All of the listing should be returned as written, apart from any picture in it.

*** Begin section ***

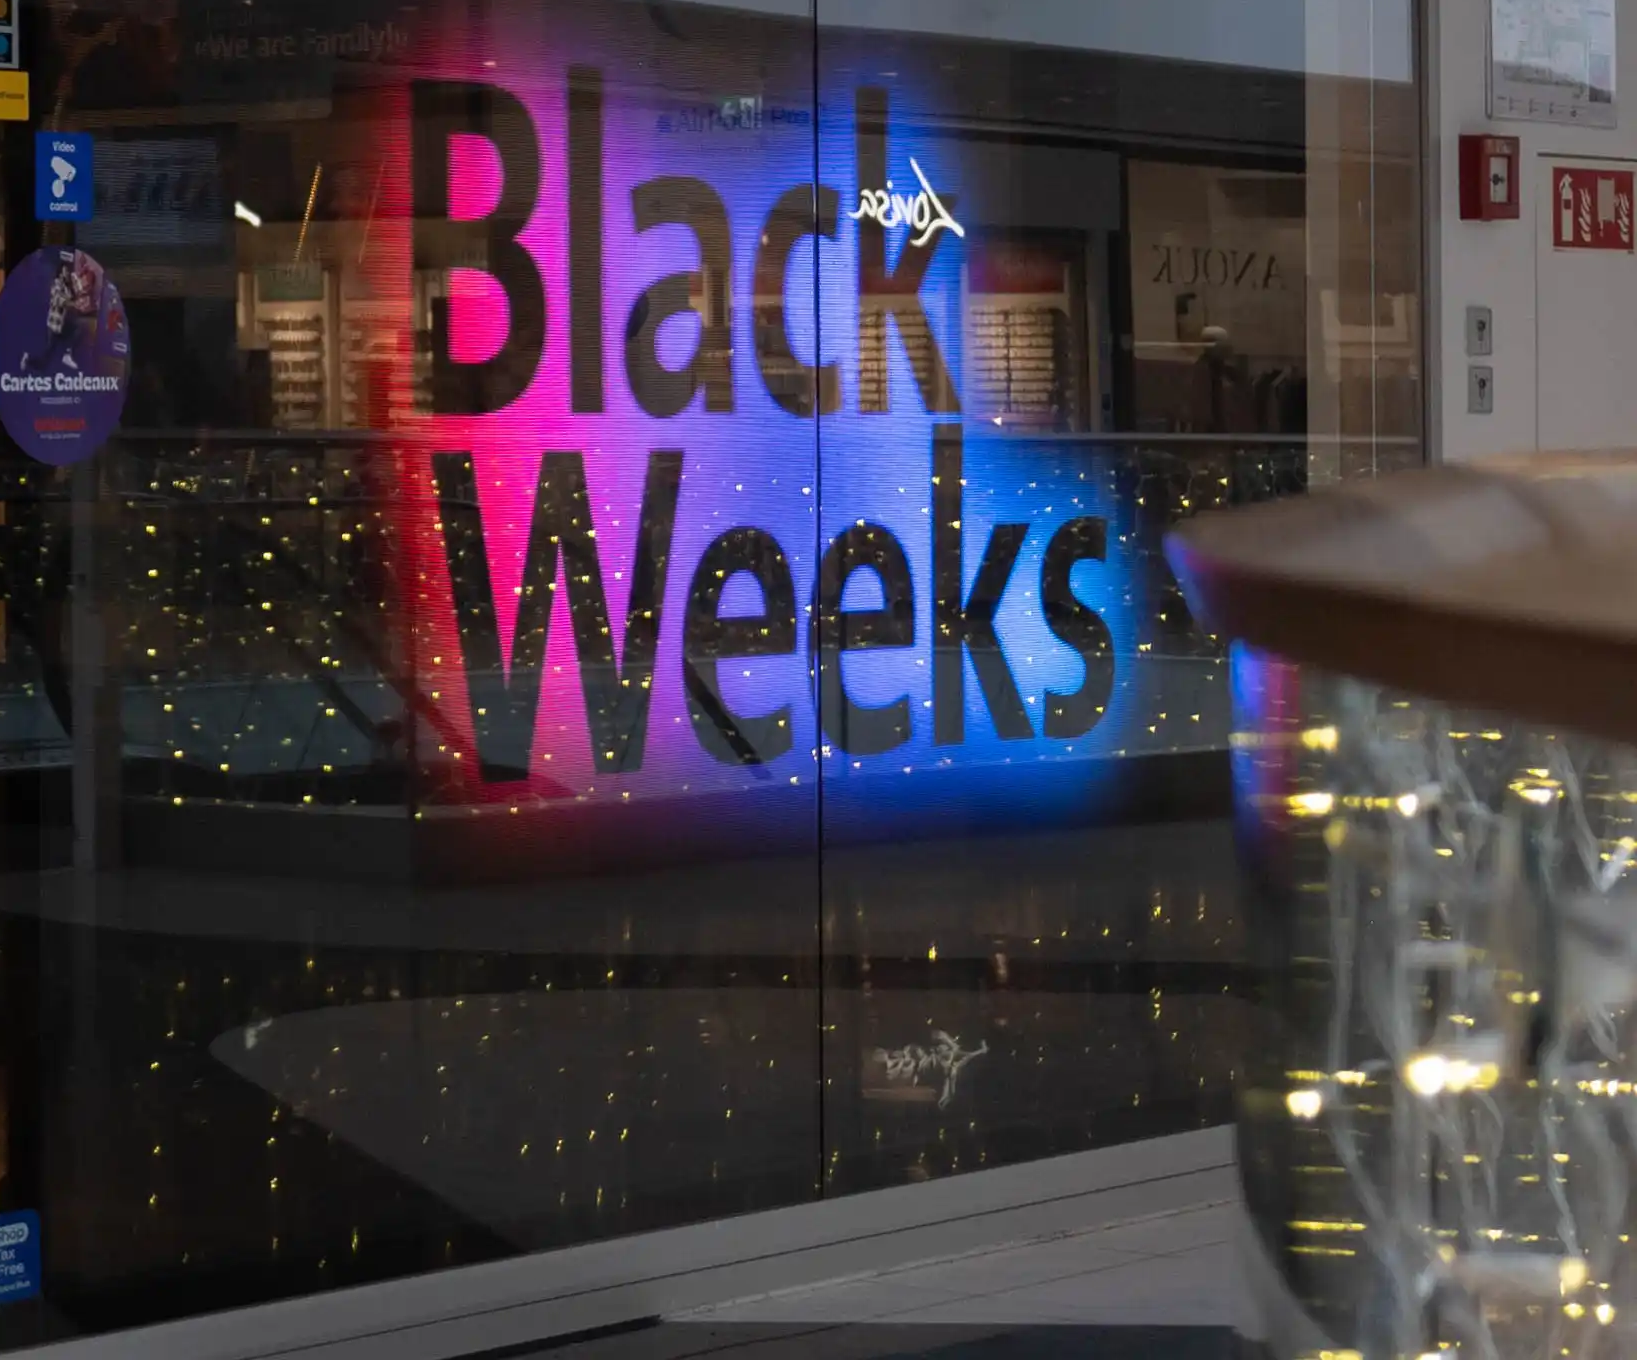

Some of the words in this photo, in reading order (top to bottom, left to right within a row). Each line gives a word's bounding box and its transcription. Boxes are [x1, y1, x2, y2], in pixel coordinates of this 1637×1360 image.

[51, 141, 77, 153] Video
[409, 63, 964, 418] Black
[0, 372, 53, 393] Cartes
[53, 370, 120, 392] Cadeaux
[429, 423, 1115, 783] Weeks
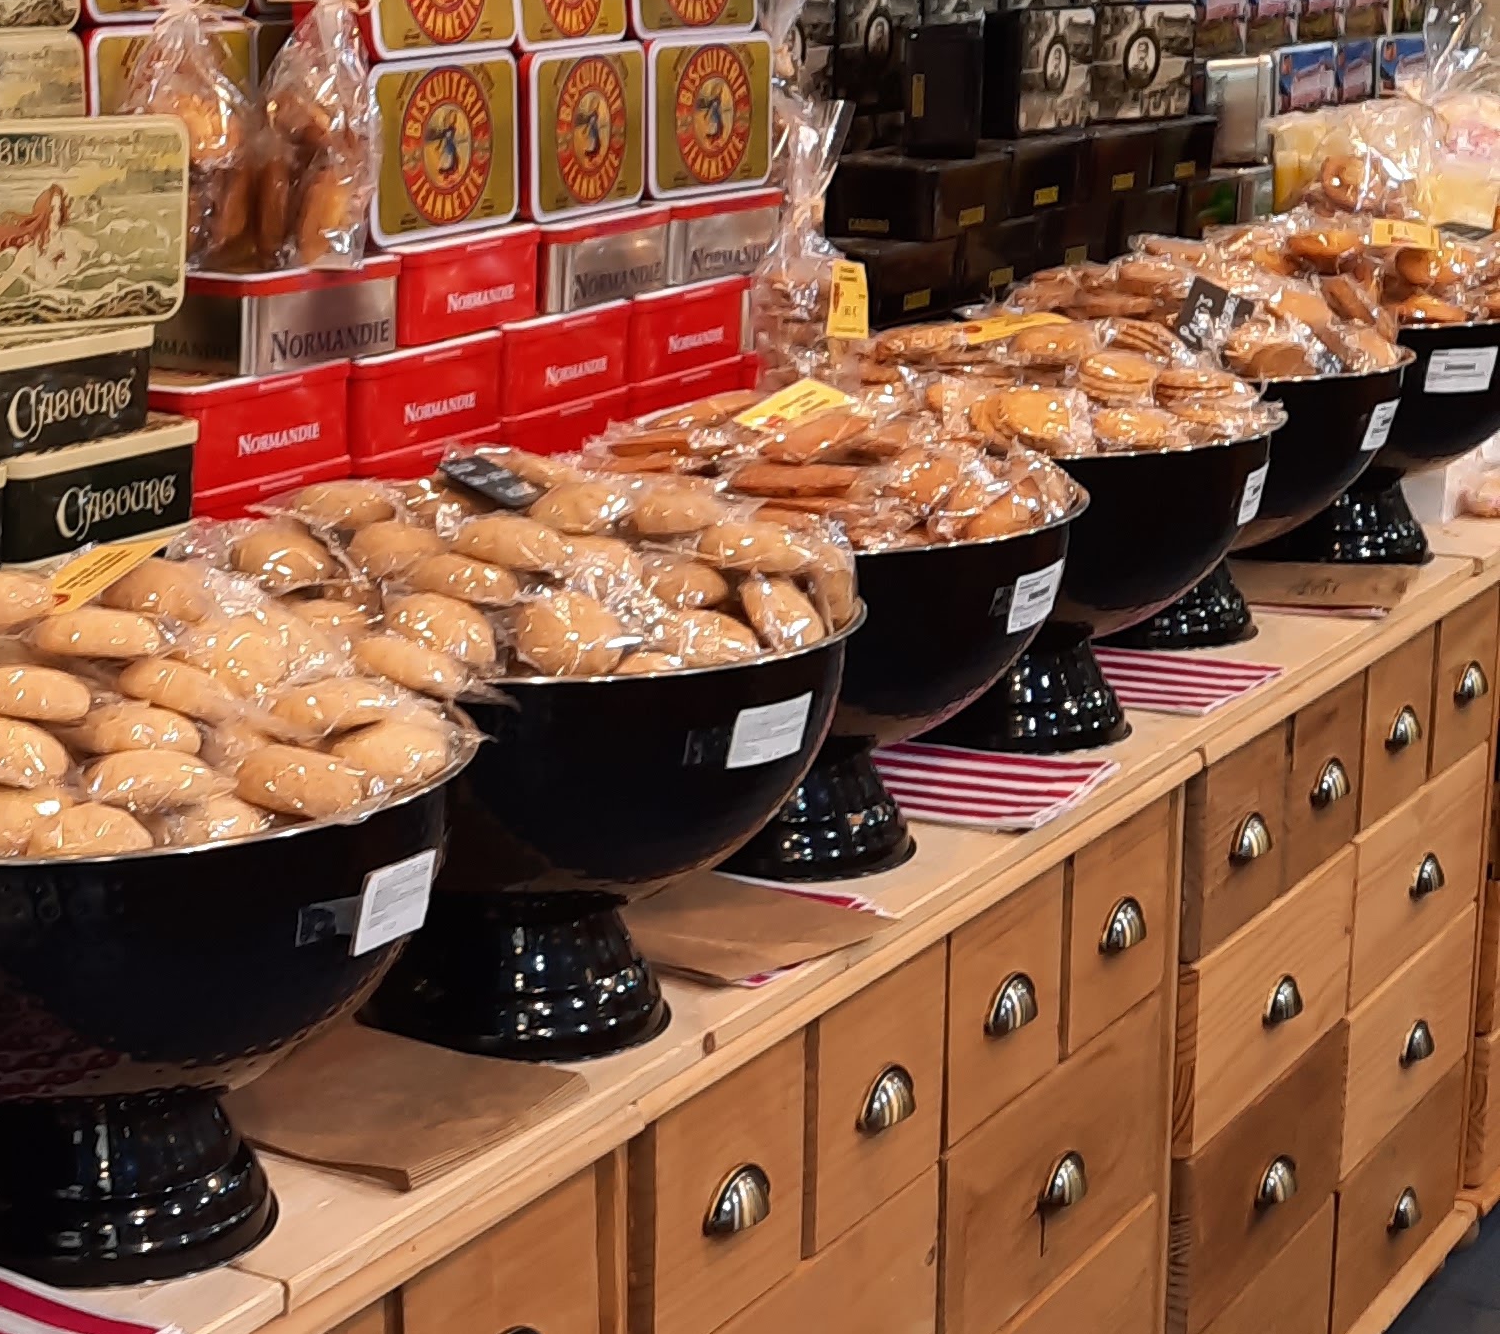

*** End section ***

## Answer section
Some of the words in this photo, in reading order (top to bottom, left to right within a row). Each line gives a word's bounding box and its transcription. Boxes are [x1, y1, x2, y2], in pixel coordinates of this 1637×1360 image.

[51, 141, 77, 153] Video
[409, 63, 964, 418] Black
[0, 372, 53, 393] Cartes
[53, 370, 120, 392] Cadeaux
[429, 423, 1115, 783] Weeks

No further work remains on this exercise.